● **What you should do**: For this exercise, return the line containing "this 1296×972 image." and every line after it through the end of the records below, without alteration.

● **Extracted entries**:
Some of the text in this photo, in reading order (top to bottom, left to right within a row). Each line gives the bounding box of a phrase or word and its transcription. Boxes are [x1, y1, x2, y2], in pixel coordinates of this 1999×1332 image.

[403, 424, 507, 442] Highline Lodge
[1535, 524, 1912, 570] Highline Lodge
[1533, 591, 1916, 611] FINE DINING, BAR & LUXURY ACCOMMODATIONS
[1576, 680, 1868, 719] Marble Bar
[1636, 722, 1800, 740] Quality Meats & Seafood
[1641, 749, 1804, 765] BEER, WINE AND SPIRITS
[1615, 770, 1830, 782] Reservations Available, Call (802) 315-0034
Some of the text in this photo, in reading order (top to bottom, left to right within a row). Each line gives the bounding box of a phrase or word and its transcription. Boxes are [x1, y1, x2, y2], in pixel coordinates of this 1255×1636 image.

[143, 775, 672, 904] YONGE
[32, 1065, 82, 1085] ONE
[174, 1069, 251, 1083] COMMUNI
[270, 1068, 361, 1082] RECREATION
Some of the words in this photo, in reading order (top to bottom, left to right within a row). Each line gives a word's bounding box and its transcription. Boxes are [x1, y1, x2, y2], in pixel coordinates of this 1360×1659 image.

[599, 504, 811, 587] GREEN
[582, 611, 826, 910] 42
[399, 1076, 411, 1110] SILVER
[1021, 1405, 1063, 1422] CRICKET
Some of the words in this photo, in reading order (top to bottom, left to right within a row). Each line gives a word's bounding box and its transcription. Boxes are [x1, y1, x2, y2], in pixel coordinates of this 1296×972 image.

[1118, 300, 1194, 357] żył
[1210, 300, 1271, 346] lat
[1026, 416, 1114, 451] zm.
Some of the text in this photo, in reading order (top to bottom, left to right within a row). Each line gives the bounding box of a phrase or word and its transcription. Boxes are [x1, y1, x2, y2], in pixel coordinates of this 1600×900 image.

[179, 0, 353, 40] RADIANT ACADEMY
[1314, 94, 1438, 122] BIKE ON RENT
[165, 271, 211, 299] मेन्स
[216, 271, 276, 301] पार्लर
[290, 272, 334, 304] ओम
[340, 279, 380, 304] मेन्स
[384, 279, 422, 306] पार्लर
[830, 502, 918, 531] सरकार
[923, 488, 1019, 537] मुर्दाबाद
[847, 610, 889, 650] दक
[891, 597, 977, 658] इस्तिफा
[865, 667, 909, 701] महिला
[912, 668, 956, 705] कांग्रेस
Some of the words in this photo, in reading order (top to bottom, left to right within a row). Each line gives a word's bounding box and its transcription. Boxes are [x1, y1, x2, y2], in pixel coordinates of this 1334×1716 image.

● **Result for this task**:
Some of the words in this photo, in reading order (top to bottom, left to right within a row). Each line gives a word's bounding box and its transcription. Boxes are [x1, y1, x2, y2], in pixel coordinates of this 1296×972 image.

[1118, 300, 1194, 357] żył
[1210, 300, 1271, 346] lat
[1026, 416, 1114, 451] zm.
Some of the text in this photo, in reading order (top to bottom, left to right within a row). Each line gives the bounding box of a phrase or word and its transcription. Boxes are [x1, y1, x2, y2], in pixel coordinates of this 1600×900 image.

[179, 0, 353, 40] RADIANT ACADEMY
[1314, 94, 1438, 122] BIKE ON RENT
[165, 271, 211, 299] मेन्स
[216, 271, 276, 301] पार्लर
[290, 272, 334, 304] ओम
[340, 279, 380, 304] मेन्स
[384, 279, 422, 306] पार्लर
[830, 502, 918, 531] सरकार
[923, 488, 1019, 537] मुर्दाबाद
[847, 610, 889, 650] दक
[891, 597, 977, 658] इस्तिफा
[865, 667, 909, 701] महिला
[912, 668, 956, 705] कांग्रेस
Some of the words in this photo, in reading order (top to bottom, left to right within a row). Each line gives a word's bounding box and its transcription. Boxes are [x1, y1, x2, y2], in pixel coordinates of this 1334×1716 image.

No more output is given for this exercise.